Note that this is basically the solution anatolyg posted before (just put into code), so upvote that answer instead if you found this helpful.
Assuming I have a byte b with the binary value of 11111111
How do I for example read a 3 bit integer value starting at the second bit or write a four bit integer value starting at the fifth bit?
Some 2+ years after I asked this question I'd like to explain it the way I'd want it explained back when I was still a complete newb and would be most beneficial to people who want to understand the process.
First of all, forget the "11111111" example value, which is not really all that suited for the visual explanation of the process.
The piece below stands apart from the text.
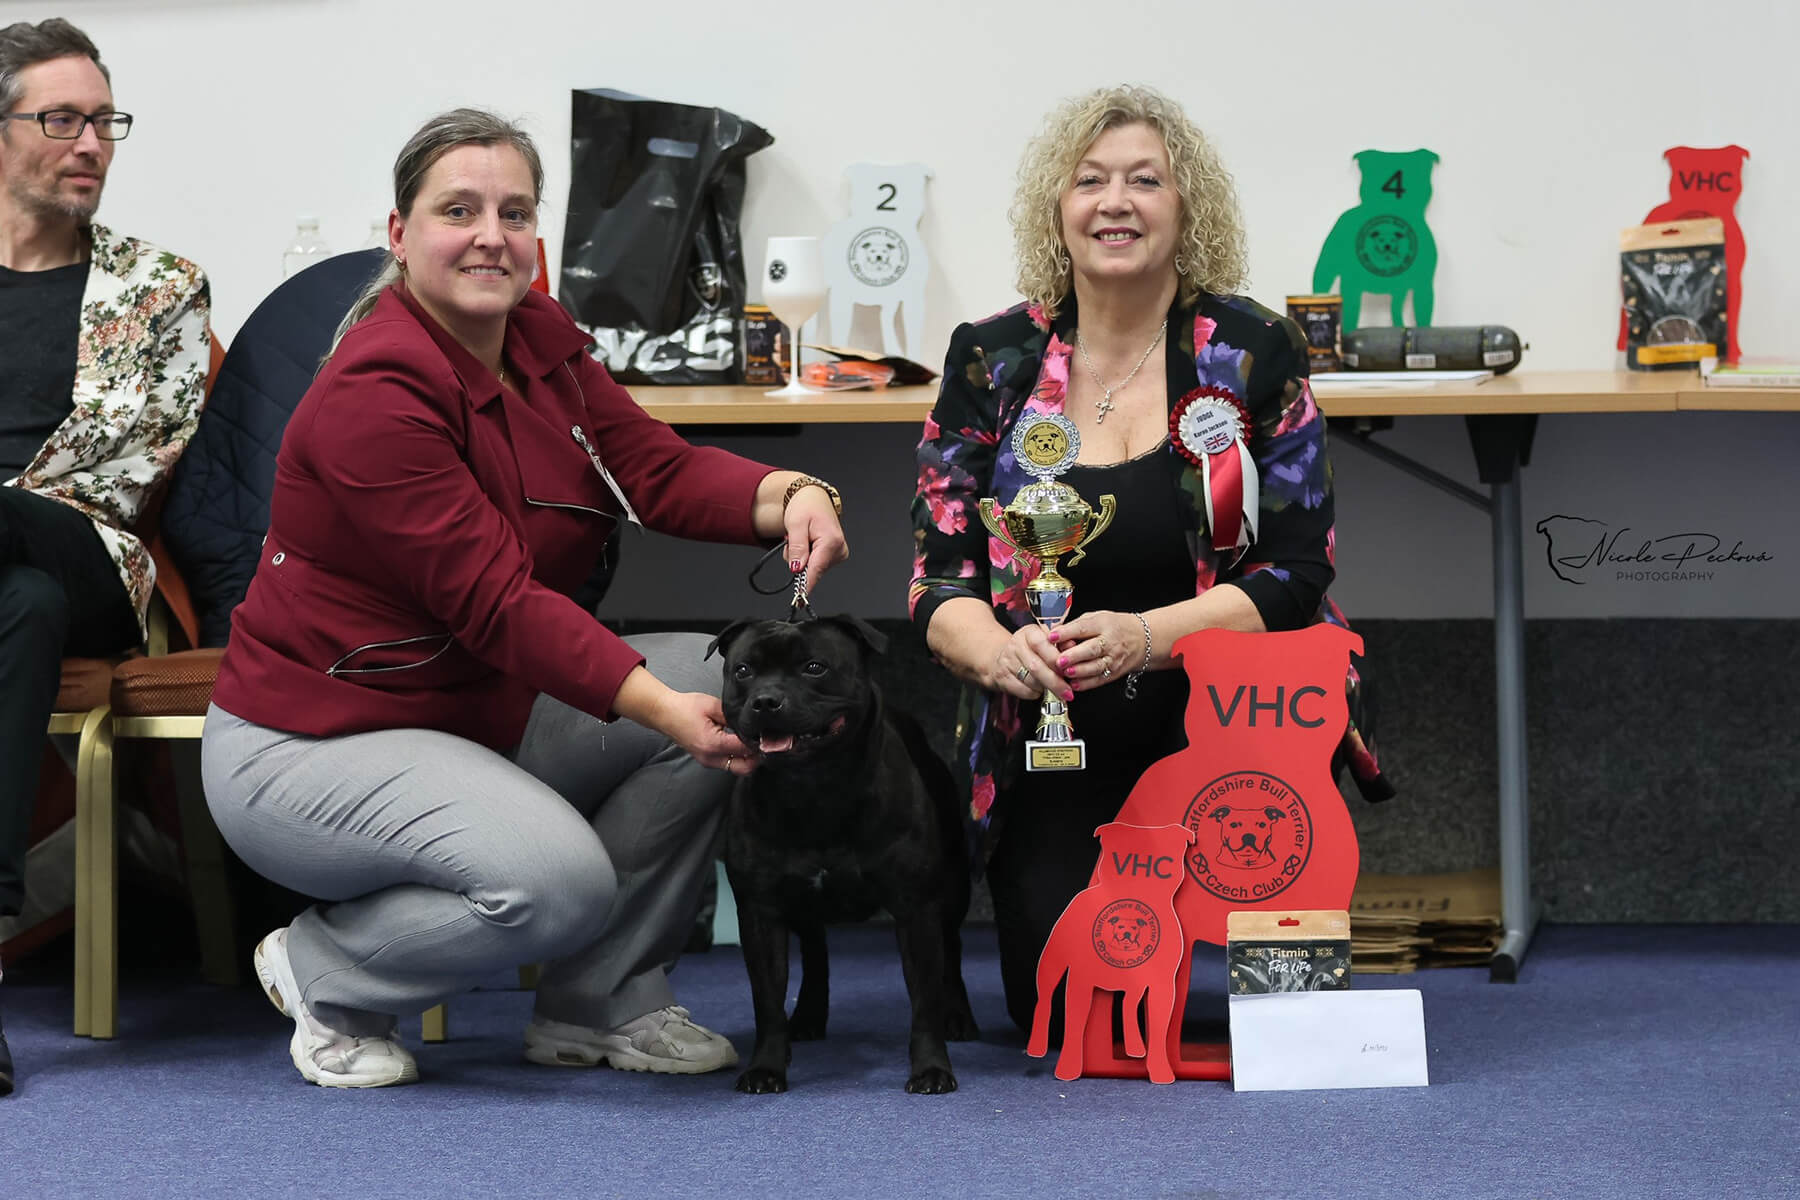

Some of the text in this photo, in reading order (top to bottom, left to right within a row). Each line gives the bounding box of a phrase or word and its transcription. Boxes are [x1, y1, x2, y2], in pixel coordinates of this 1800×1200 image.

So let the initial value be 10111011 (187 decimal) which will be a little more illustrative of the process.
1 - how to read a 3 bit value starting from the second bit:
___ <- those 3 bits
10111011
The value is 101, or 5 in decimal, there are 2 possible ways to get it:
mask and shift
In this approach, the needed bits are first masked with the value 00001110 (14 decimal) after which it is shifted in place:
___
10111011 AND
00001110 =
00001010 >> 1 =
___
00000101
The expression for this would be: (value & 14) >> 1
shift and mask
This approach is similar, but the order of operations is reversed, meaning the original value is shifted and then masked with 00000111 (7) to only leave the last 3 bits:
___
10111011 >> 1
___
01011101 AND
00000111
00000101
The expression for this would be: (value >> 1) & 7
Both approaches involve the same amount of complexity, and therefore will not differ in performance.
2 - how to write a 3 bit value starting from the second bit:
In this case, the initial value is known, and when this is the case in code, you may be able to come up with a way to set the known value to another known value which uses less operations, but in reality this is rarely the case, most of the time the code will know neither the initial value, nor the one which is to be written.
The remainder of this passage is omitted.